◆ EXERCISE BRIEF
Transcribe every entry exactly; the images stay out.

◆ AVAILABLE DATA
- - - - - - -
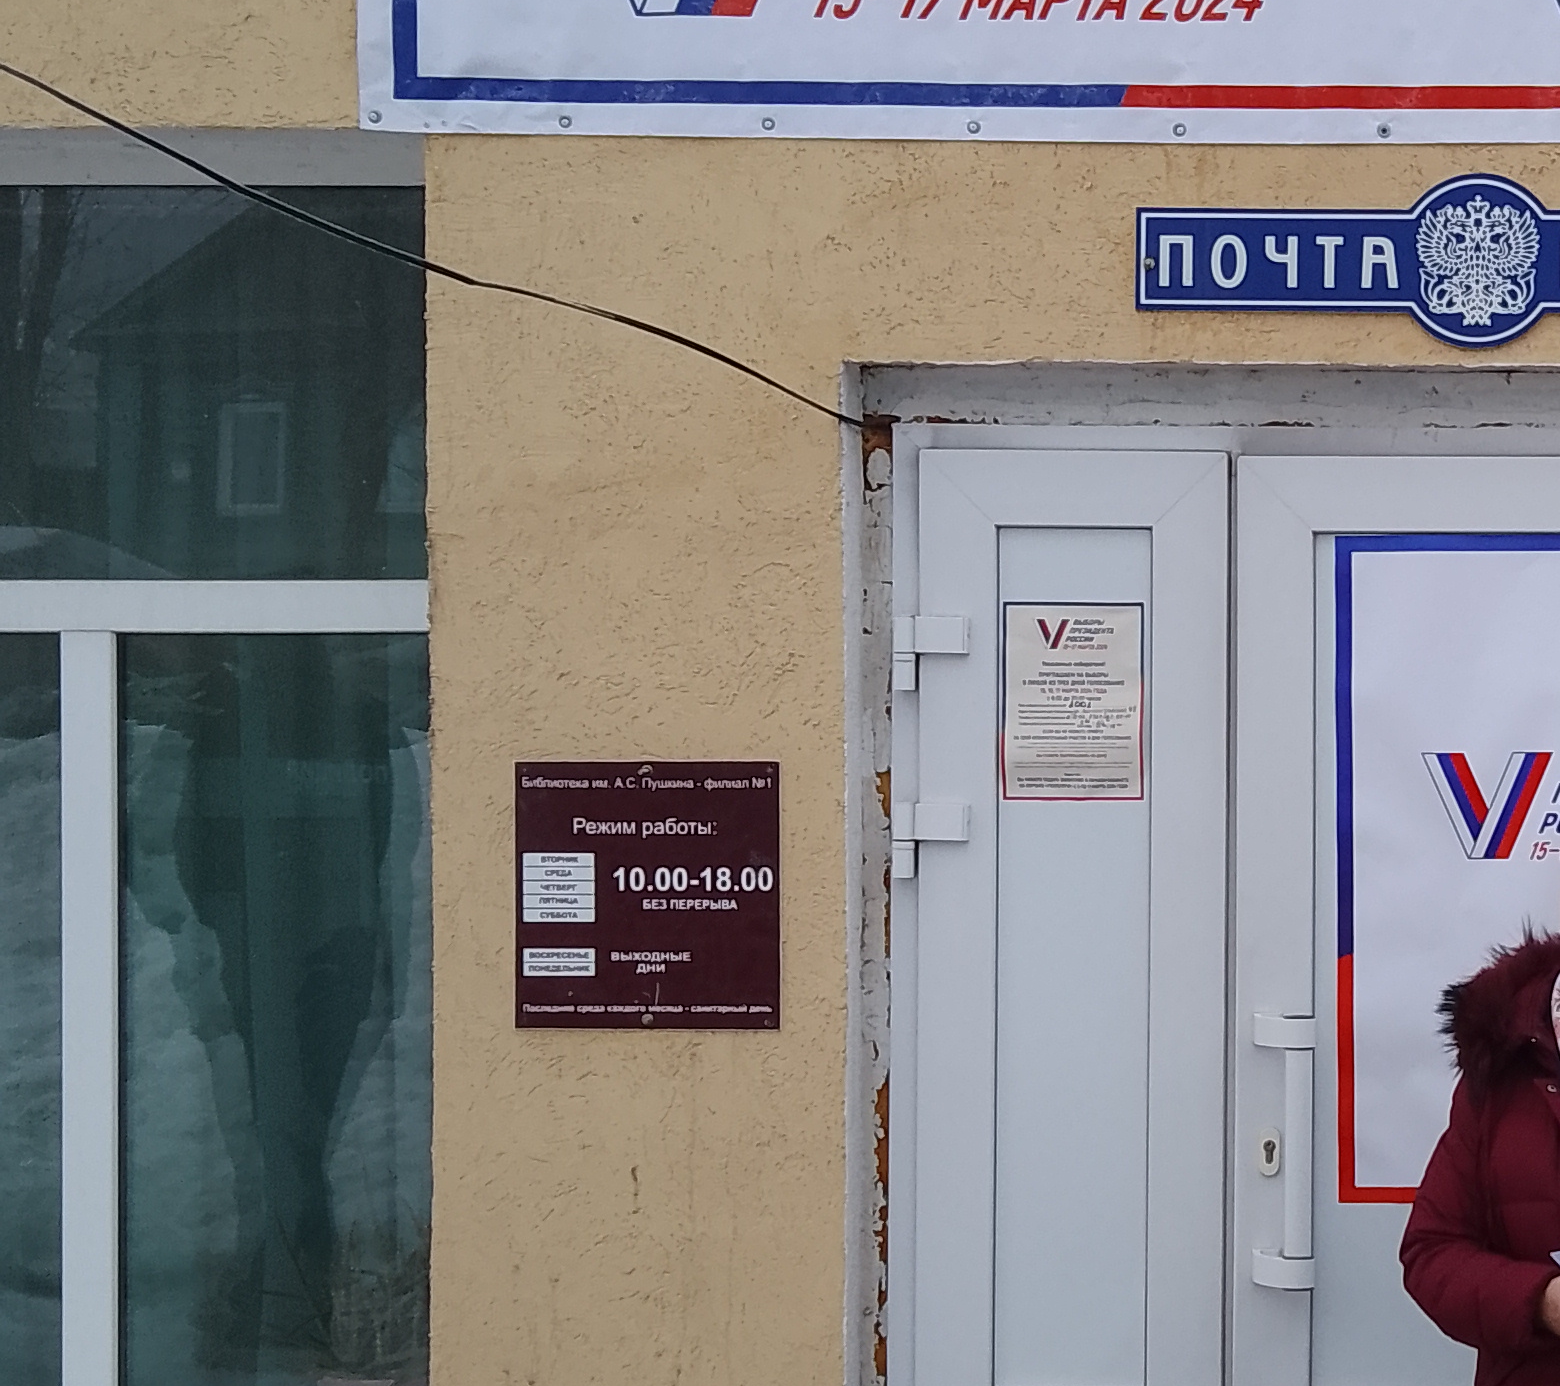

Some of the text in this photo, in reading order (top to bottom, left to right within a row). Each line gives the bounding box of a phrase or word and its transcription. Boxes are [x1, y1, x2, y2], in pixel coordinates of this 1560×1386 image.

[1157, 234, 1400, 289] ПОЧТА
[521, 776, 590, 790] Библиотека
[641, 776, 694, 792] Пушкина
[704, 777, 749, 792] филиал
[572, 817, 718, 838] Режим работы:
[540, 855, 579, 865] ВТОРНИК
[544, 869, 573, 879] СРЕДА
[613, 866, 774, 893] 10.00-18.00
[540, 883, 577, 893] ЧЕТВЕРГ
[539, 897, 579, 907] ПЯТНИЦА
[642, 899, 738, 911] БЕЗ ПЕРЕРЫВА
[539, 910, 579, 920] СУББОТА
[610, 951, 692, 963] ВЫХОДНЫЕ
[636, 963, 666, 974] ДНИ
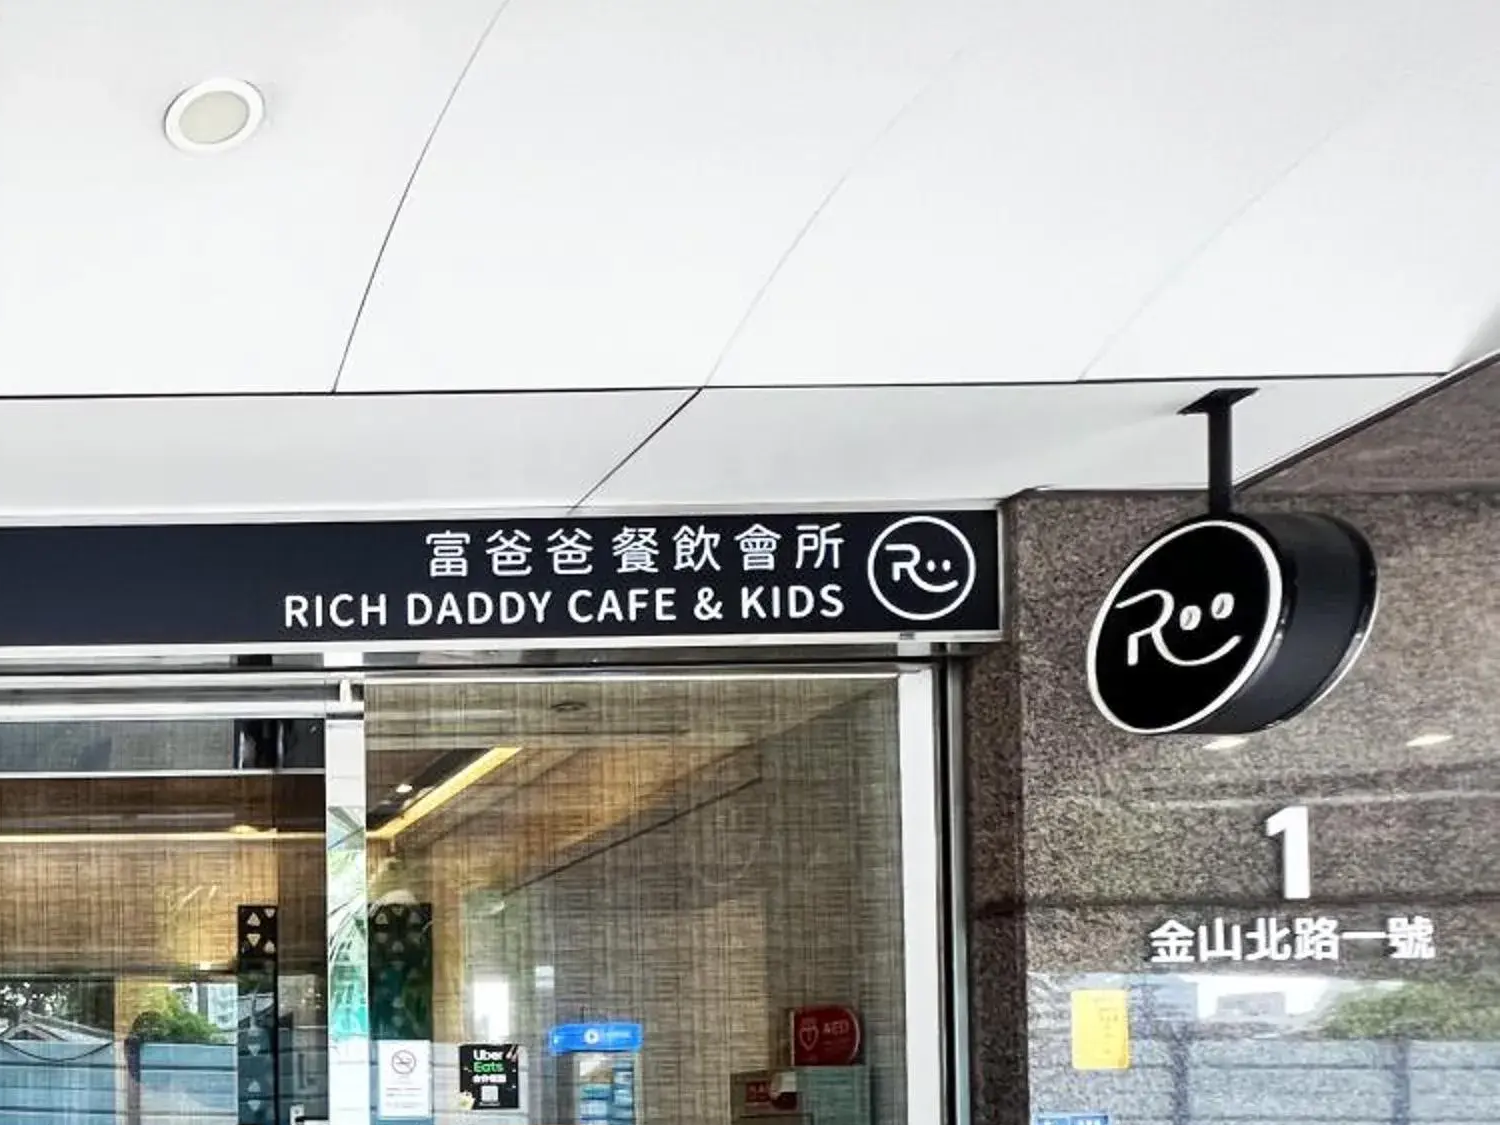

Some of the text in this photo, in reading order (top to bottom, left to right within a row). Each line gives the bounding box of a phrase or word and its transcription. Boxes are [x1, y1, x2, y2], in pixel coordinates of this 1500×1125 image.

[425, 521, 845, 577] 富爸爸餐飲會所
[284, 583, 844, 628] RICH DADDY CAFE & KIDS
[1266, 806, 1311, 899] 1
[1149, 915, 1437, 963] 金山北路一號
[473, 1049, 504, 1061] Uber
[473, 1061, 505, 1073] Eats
- - - - - - -
◆ ANSWER FOR THE TASK
Some of the text in this photo, in reading order (top to bottom, left to right within a row). Each line gives the bounding box of a phrase or word and its transcription. Boxes are [x1, y1, x2, y2], in pixel coordinates of this 1560×1386 image.

[1157, 234, 1400, 289] ПОЧТА
[521, 776, 590, 790] Библиотека
[641, 776, 694, 792] Пушкина
[704, 777, 749, 792] филиал
[572, 817, 718, 838] Режим работы:
[540, 855, 579, 865] ВТОРНИК
[544, 869, 573, 879] СРЕДА
[613, 866, 774, 893] 10.00-18.00
[540, 883, 577, 893] ЧЕТВЕРГ
[539, 897, 579, 907] ПЯТНИЦА
[642, 899, 738, 911] БЕЗ ПЕРЕРЫВА
[539, 910, 579, 920] СУББОТА
[610, 951, 692, 963] ВЫХОДНЫЕ
[636, 963, 666, 974] ДНИ

Some of the text in this photo, in reading order (top to bottom, left to right within a row). Each line gives the bounding box of a phrase or word and its transcription. Boxes are [x1, y1, x2, y2], in pixel coordinates of this 1500×1125 image.

[425, 521, 845, 577] 富爸爸餐飲會所
[284, 583, 844, 628] RICH DADDY CAFE & KIDS
[1266, 806, 1311, 899] 1
[1149, 915, 1437, 963] 金山北路一號
[473, 1049, 504, 1061] Uber
[473, 1061, 505, 1073] Eats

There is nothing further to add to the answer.